▶ [Task requirements]: Copy the entries exactly. Their pictures do not belong in the copy.
=== Section Start ===
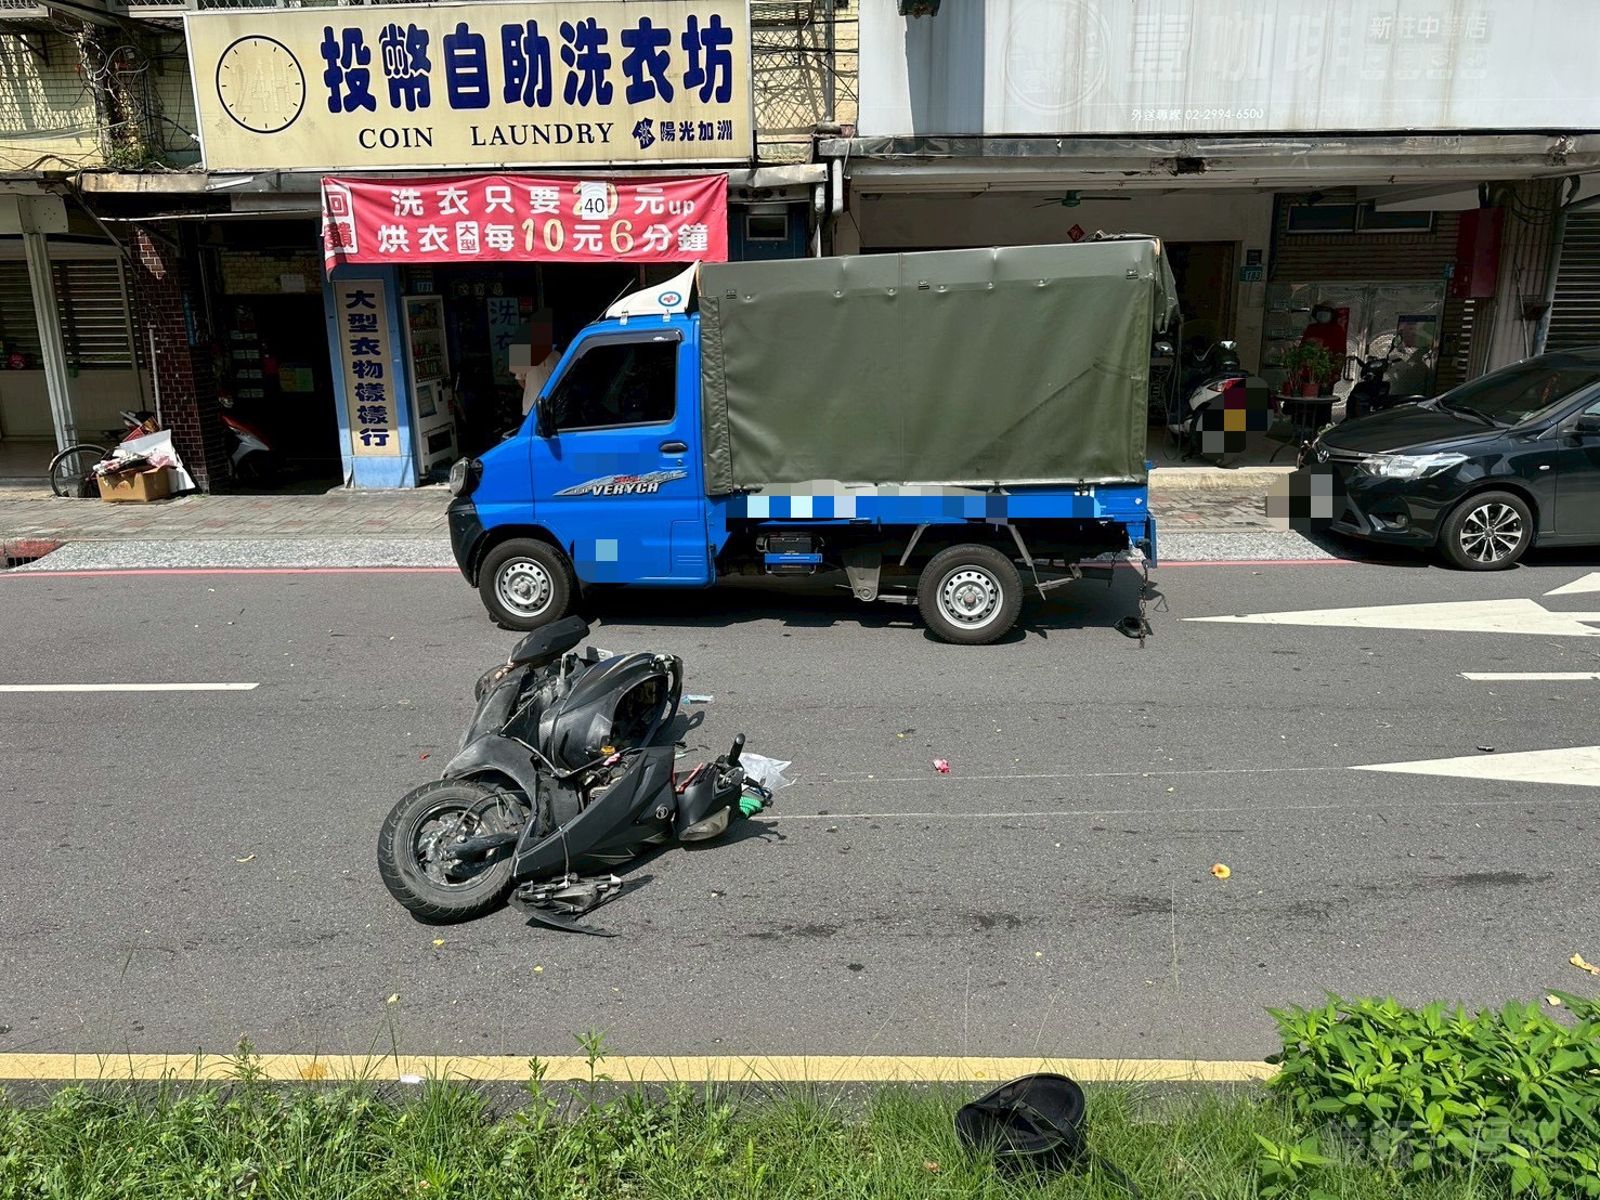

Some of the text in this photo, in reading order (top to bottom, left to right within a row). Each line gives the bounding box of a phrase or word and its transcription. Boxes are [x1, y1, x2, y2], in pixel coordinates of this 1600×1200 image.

[320, 13, 733, 114] 投幣自助洗衣坊
[358, 122, 614, 150] COIN LAUNDRY
[660, 119, 733, 143] 陽光加洲
[390, 184, 561, 217] 洗衣只要
[584, 197, 605, 214] 40
[345, 289, 390, 447] 大型衣物樣樣行
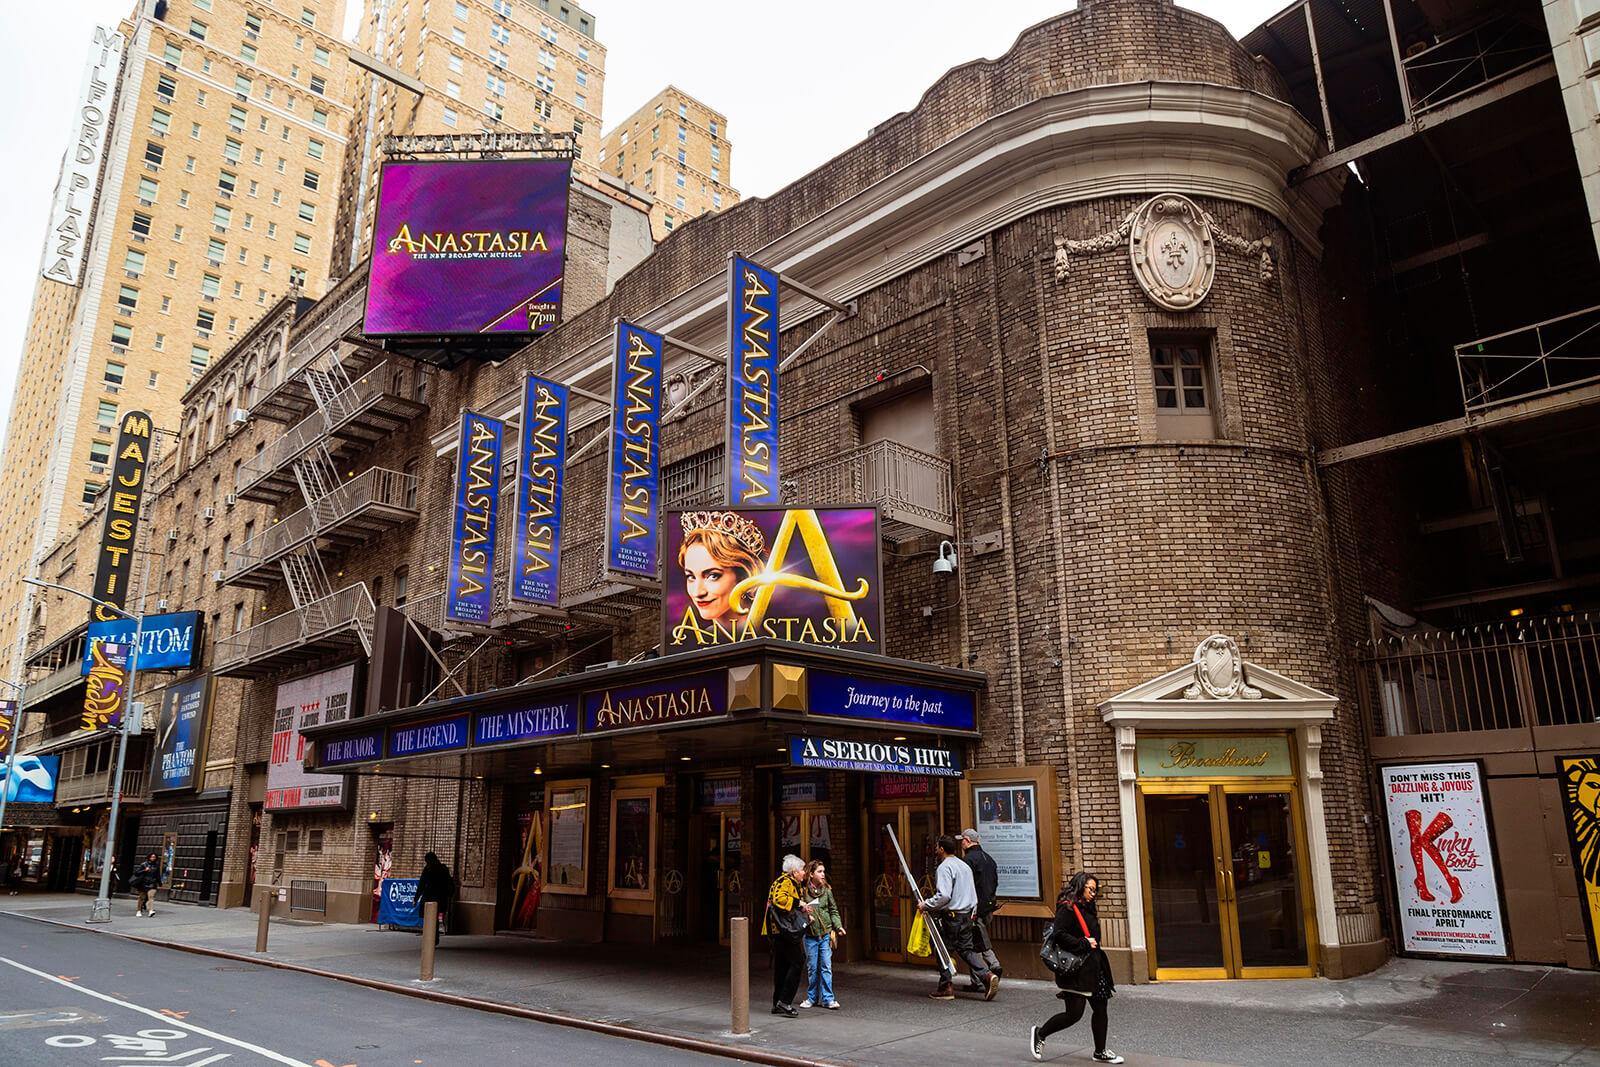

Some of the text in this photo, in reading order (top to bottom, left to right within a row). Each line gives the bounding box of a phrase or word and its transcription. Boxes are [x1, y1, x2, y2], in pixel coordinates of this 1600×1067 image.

[76, 26, 120, 165] MILFORD
[48, 173, 89, 281] PLAZA
[388, 224, 548, 253] ANASTASIA
[528, 311, 556, 330] 7pm
[743, 267, 770, 502] ANASTASIA
[621, 332, 655, 543] ANASTASIA
[525, 384, 560, 575] ANASTASIA
[95, 415, 149, 622] MAJESTIC
[459, 420, 495, 597] ANASTASIA
[617, 553, 649, 565] BROADWAY
[621, 547, 648, 558] THE NEW
[621, 560, 647, 570] MUSICAL
[521, 585, 551, 596] BROADWAY
[524, 579, 550, 590] THE NEW
[523, 591, 548, 601] MUSICAL
[454, 606, 484, 616] BROADWAY
[457, 612, 481, 620] MUSICAL
[669, 605, 876, 646] ANASTASIA
[87, 625, 192, 662] PNTOM
[596, 687, 713, 727] ANASTASIA
[844, 686, 945, 717] Journey to the past.
[480, 704, 569, 739] THE MYSTERY.
[395, 723, 459, 752] THE LEGEND.
[162, 748, 197, 771] PHANTOM
[327, 741, 342, 761] THE
[343, 737, 376, 760] RUMOR.
[822, 739, 910, 765] SERIOUS
[914, 747, 952, 767] HIT!
[1160, 742, 1270, 769] Broadhurst
[803, 757, 837, 769] BROADWAY'S
[837, 760, 849, 769] GOT
[849, 761, 854, 769] A
[854, 761, 873, 771] BRIGHT
[873, 762, 886, 772] NEW
[886, 763, 899, 773] STAR
[1390, 771, 1471, 783] DON'T MISS THIS
[1431, 782, 1439, 792] &
[1420, 793, 1445, 803] HIT!
[1445, 853, 1484, 869] Boots
[398, 882, 418, 893] The Shub
[1407, 908, 1493, 920] FINAL PERFORMANCE
[1435, 918, 1465, 928] APRIL 7
[1416, 930, 1490, 940] KINKYBOOTSTHEMUSICAL.COM
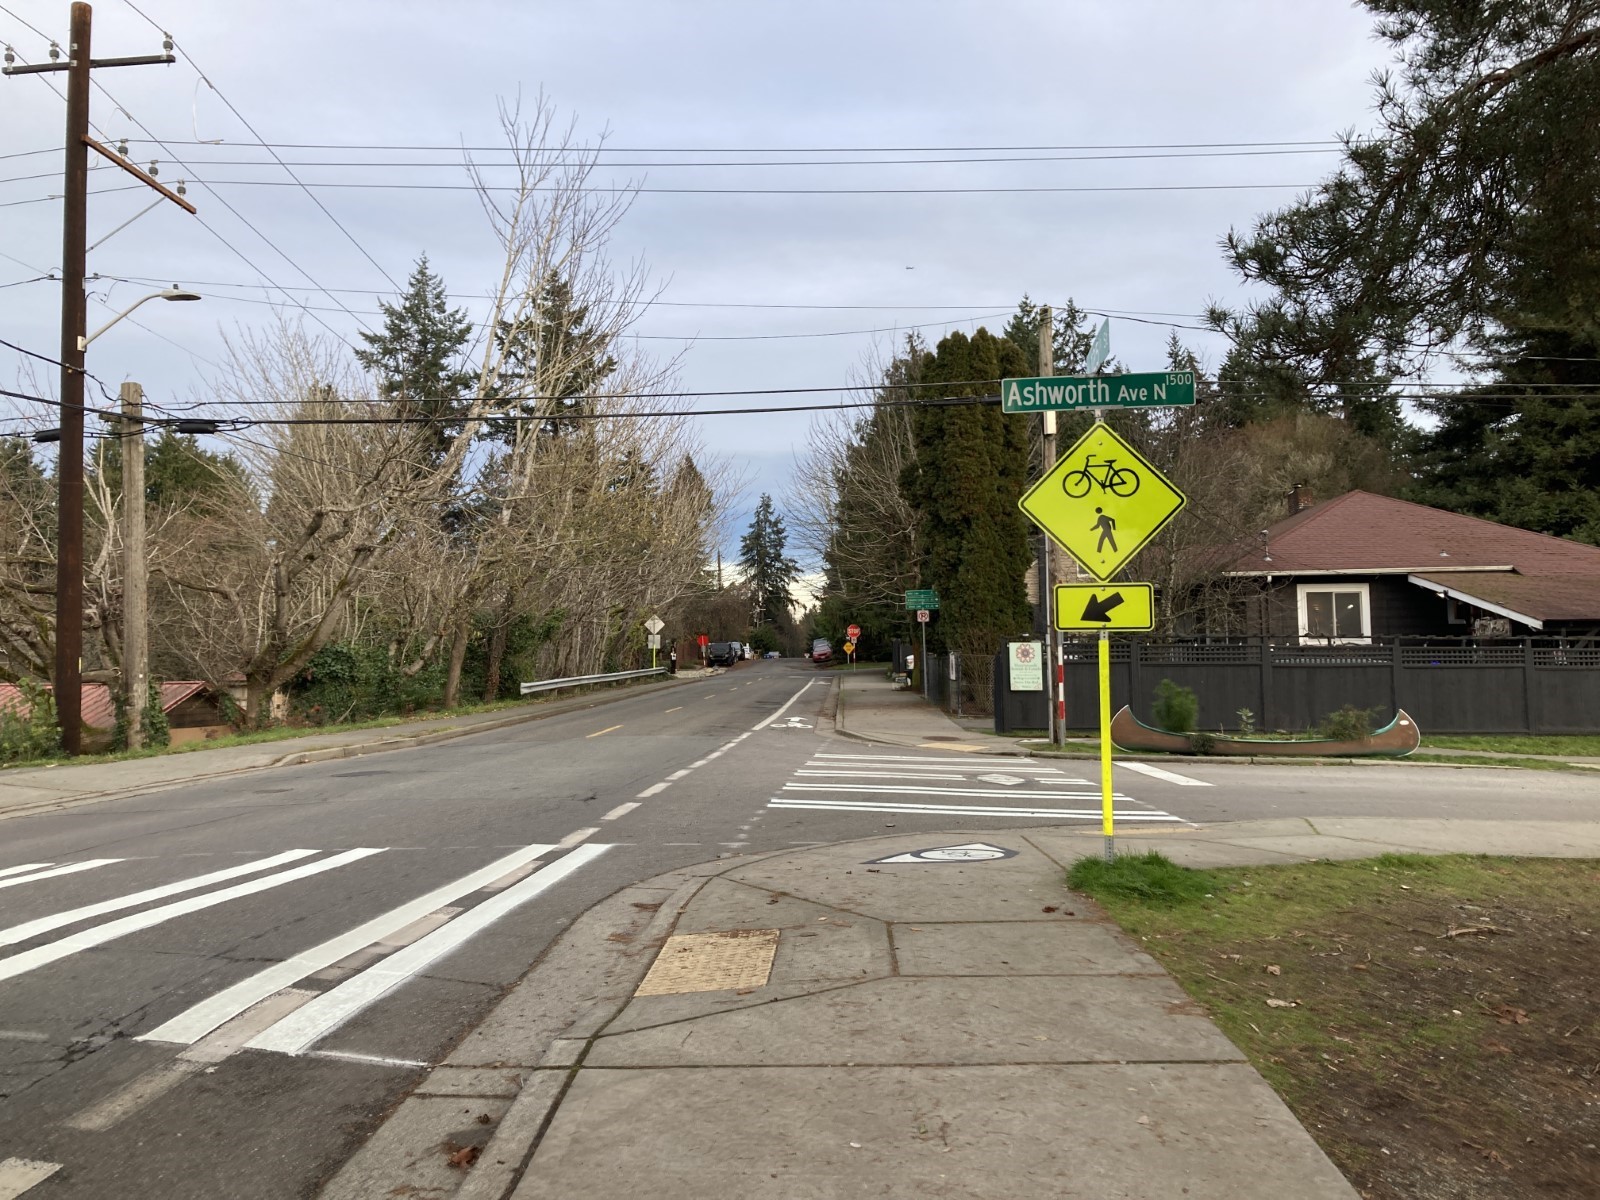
=== Section End ===
▶ [Your response]:
Some of the text in this photo, in reading order (top to bottom, left to right within a row). Each line gives the bounding box of a phrase or word and its transcription. Boxes are [x1, y1, x2, y2], in pixel coordinates of this 1600×1200 image.

[320, 13, 733, 114] 投幣自助洗衣坊
[358, 122, 614, 150] COIN LAUNDRY
[660, 119, 733, 143] 陽光加洲
[390, 184, 561, 217] 洗衣只要
[584, 197, 605, 214] 40
[345, 289, 390, 447] 大型衣物樣樣行

Some of the text in this photo, in reading order (top to bottom, left to right within a row). Each line gives the bounding box of a phrase or word and its transcription. Boxes are [x1, y1, x2, y2], in pixel coordinates of this 1600×1067 image.

[76, 26, 120, 165] MILFORD
[48, 173, 89, 281] PLAZA
[388, 224, 548, 253] ANASTASIA
[528, 311, 556, 330] 7pm
[743, 267, 770, 502] ANASTASIA
[621, 332, 655, 543] ANASTASIA
[525, 384, 560, 575] ANASTASIA
[95, 415, 149, 622] MAJESTIC
[459, 420, 495, 597] ANASTASIA
[617, 553, 649, 565] BROADWAY
[621, 547, 648, 558] THE NEW
[621, 560, 647, 570] MUSICAL
[521, 585, 551, 596] BROADWAY
[524, 579, 550, 590] THE NEW
[523, 591, 548, 601] MUSICAL
[454, 606, 484, 616] BROADWAY
[457, 612, 481, 620] MUSICAL
[669, 605, 876, 646] ANASTASIA
[87, 625, 192, 662] PNTOM
[596, 687, 713, 727] ANASTASIA
[844, 686, 945, 717] Journey to the past.
[480, 704, 569, 739] THE MYSTERY.
[395, 723, 459, 752] THE LEGEND.
[162, 748, 197, 771] PHANTOM
[327, 741, 342, 761] THE
[343, 737, 376, 760] RUMOR.
[822, 739, 910, 765] SERIOUS
[914, 747, 952, 767] HIT!
[1160, 742, 1270, 769] Broadhurst
[803, 757, 837, 769] BROADWAY'S
[837, 760, 849, 769] GOT
[849, 761, 854, 769] A
[854, 761, 873, 771] BRIGHT
[873, 762, 886, 772] NEW
[886, 763, 899, 773] STAR
[1390, 771, 1471, 783] DON'T MISS THIS
[1431, 782, 1439, 792] &
[1420, 793, 1445, 803] HIT!
[1445, 853, 1484, 869] Boots
[398, 882, 418, 893] The Shub
[1407, 908, 1493, 920] FINAL PERFORMANCE
[1435, 918, 1465, 928] APRIL 7
[1416, 930, 1490, 940] KINKYBOOTSTHEMUSICAL.COM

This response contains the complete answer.